Recent Substack Developments
- On 12 March 2026, Substack launched the Recording Studio, a built-in tool allowing creators to pre-record solo or group video sessions with up to 2 guests
- In February 2026, CEO Chris Best confirmed a data breach that occurred in October 2025, in which an unauthorized third party accessed user email addresses, phone numbers, and internal metadata.
- Substack launched a TV app in beta for Apple TV and Google TV in January 2026, marking its boldest step yet into living-room entertainment.

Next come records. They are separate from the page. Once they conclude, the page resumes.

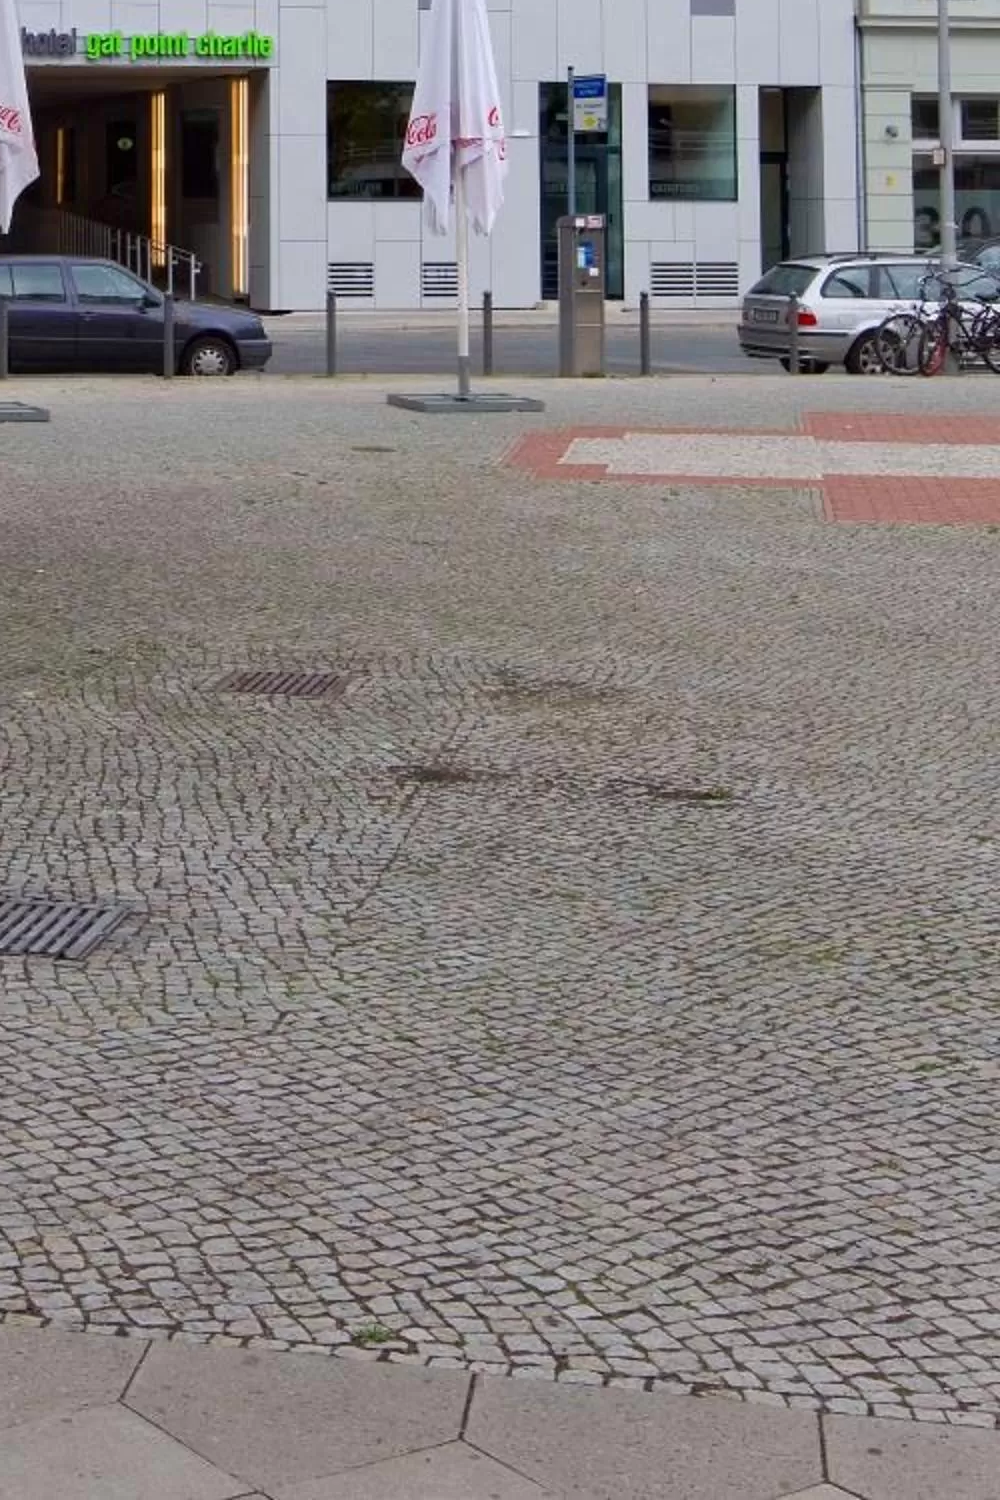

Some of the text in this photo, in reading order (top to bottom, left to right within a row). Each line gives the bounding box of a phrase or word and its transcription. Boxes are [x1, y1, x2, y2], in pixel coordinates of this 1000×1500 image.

[22, 28, 77, 56] hotel
[131, 30, 188, 60] point
[196, 30, 273, 57] charlie
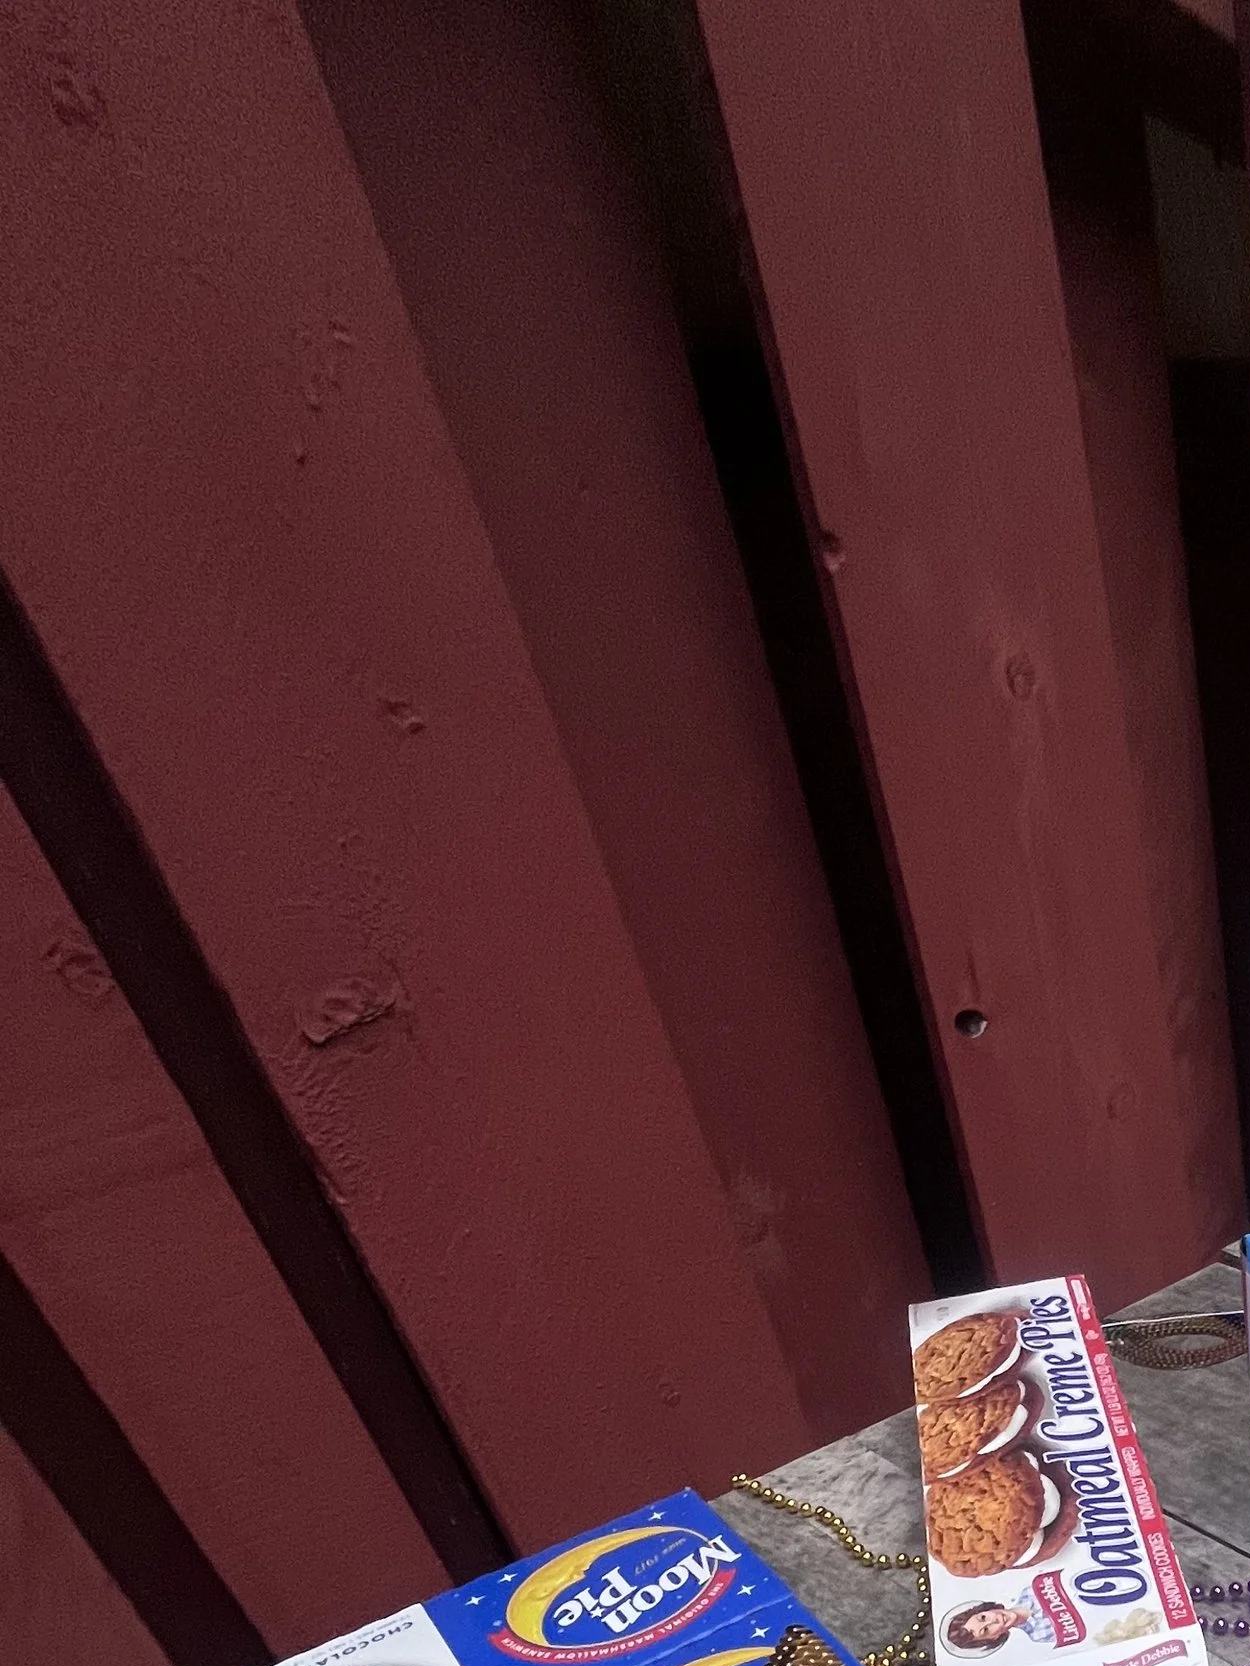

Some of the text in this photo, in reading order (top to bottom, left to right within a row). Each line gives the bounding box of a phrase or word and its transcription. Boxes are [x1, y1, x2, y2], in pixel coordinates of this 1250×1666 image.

[1020, 1296, 1077, 1350] Pies
[1040, 1352, 1105, 1441] Creme
[1046, 1446, 1148, 1606] Oatmeal
[1145, 1530, 1170, 1567] COOKIES
[553, 1566, 638, 1627] Pie
[601, 1534, 742, 1633] Moon
[1155, 1564, 1184, 1611] SANDWICH
[658, 1597, 710, 1635] ORIGINAL
[1040, 1576, 1079, 1643] Little Debbie
[1170, 1608, 1186, 1621] 12
[500, 1636, 551, 1660] SANDWICH
[554, 1633, 655, 1661] MARSHMALLOW
[1141, 1645, 1180, 1665] Debbie

- New York magazine, WSJ Opinion, the New Yorker, and Paris Review all launched Substacks in 2025.
Final Thoughts
Substack has an astounding growth stage in the year 2024; this has turned out to be an excellent platform for enabling and also meeting the needs of the readers when it comes to their demand for niche yet high-quality content.
According to Substack statistics, the segmented markets with increasing adoption and potential for revenue are still changing the future of digital publishing and the creator economy.
FAQ
People use Substack to publish, monetize, and distribute digital content like newsletters, podcasts, and long-form articles directly to their subscribers’ inboxes. It serves as a unified platform for writers, journalists, and creators to build dedicated audiences, share their expertise, and manage paid subscriptions
Substack is an online publishing platform that allows writers, creators, and journalists to publish content like newsletters, podcasts, and videos and send it directly to their audience’s inboxes. It has also evolved to include social media-style features, allowing creators to interact through a feed, chats, and short “notes”.
Writers are leaving Substack due to rising platform fees, concerns over content moderation policies, a lack of platform ownership, and the introduction of distracting social features.